[Images for object localization]
.....

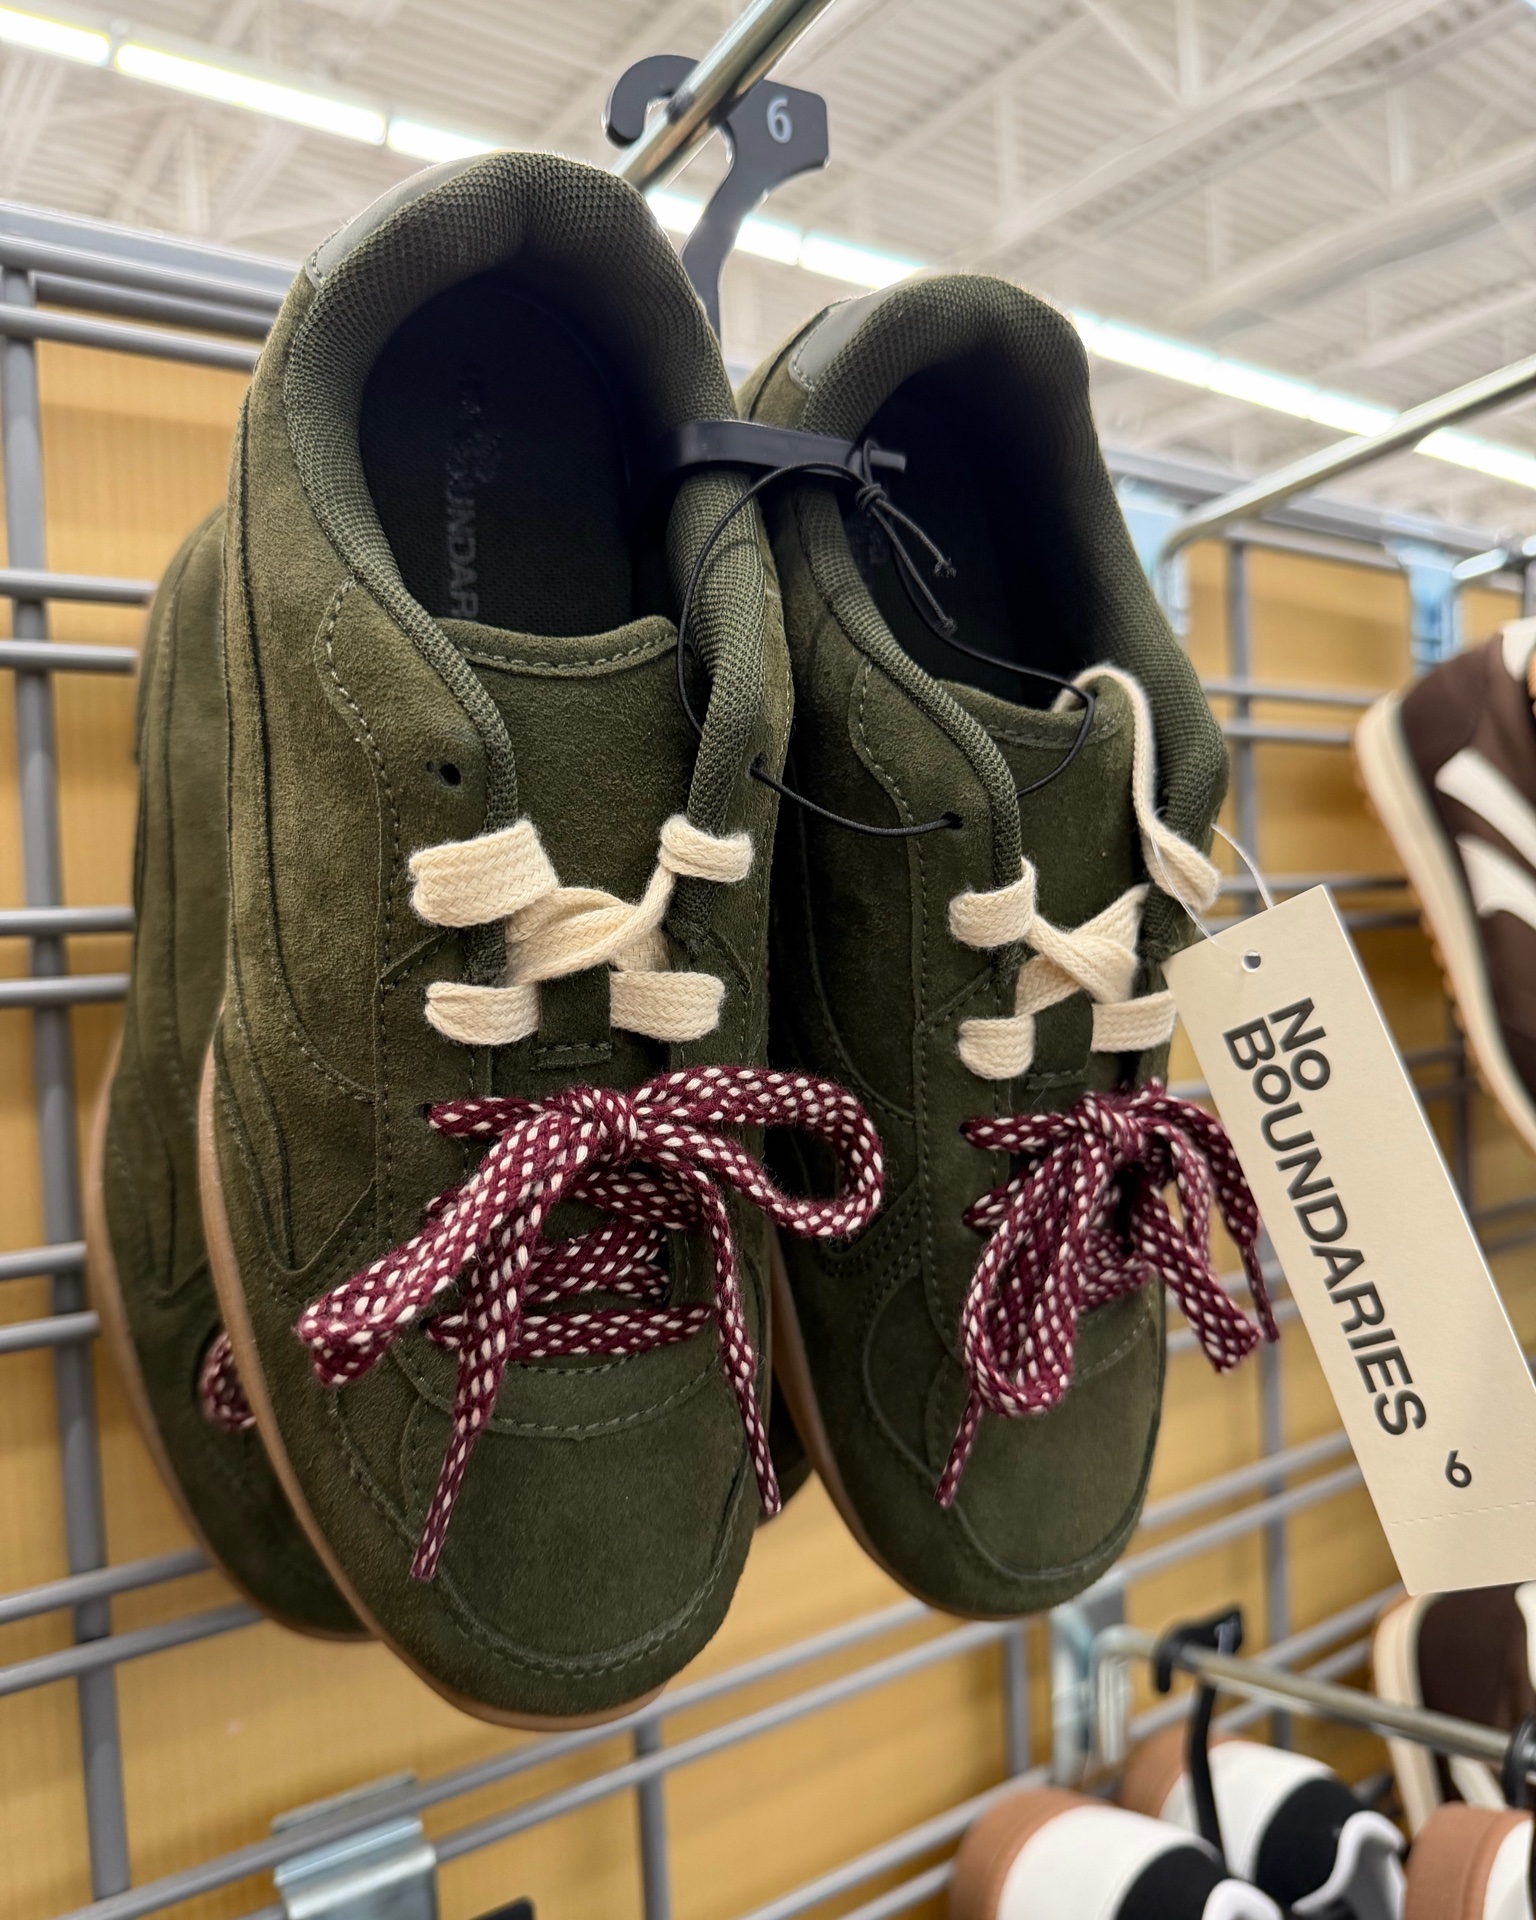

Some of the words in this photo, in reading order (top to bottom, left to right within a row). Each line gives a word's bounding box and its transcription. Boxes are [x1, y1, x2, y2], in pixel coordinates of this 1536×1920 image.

[766, 95, 792, 144] 6
[1267, 997, 1331, 1091] NO
[1222, 1016, 1427, 1436] BOUNDARIES
[1445, 1450, 1472, 1488] 6

.....

PROBLEM TO WORK ON:
All of the records above should be reproduced exactly, with the pictures left out.

RESPONSE TO THIS TASK:
Some of the words in this photo, in reading order (top to bottom, left to right within a row). Each line gives a word's bounding box and its transcription. Boxes are [x1, y1, x2, y2], in pixel coordinates of this 1536×1920 image.

[766, 95, 792, 144] 6
[1267, 997, 1331, 1091] NO
[1222, 1016, 1427, 1436] BOUNDARIES
[1445, 1450, 1472, 1488] 6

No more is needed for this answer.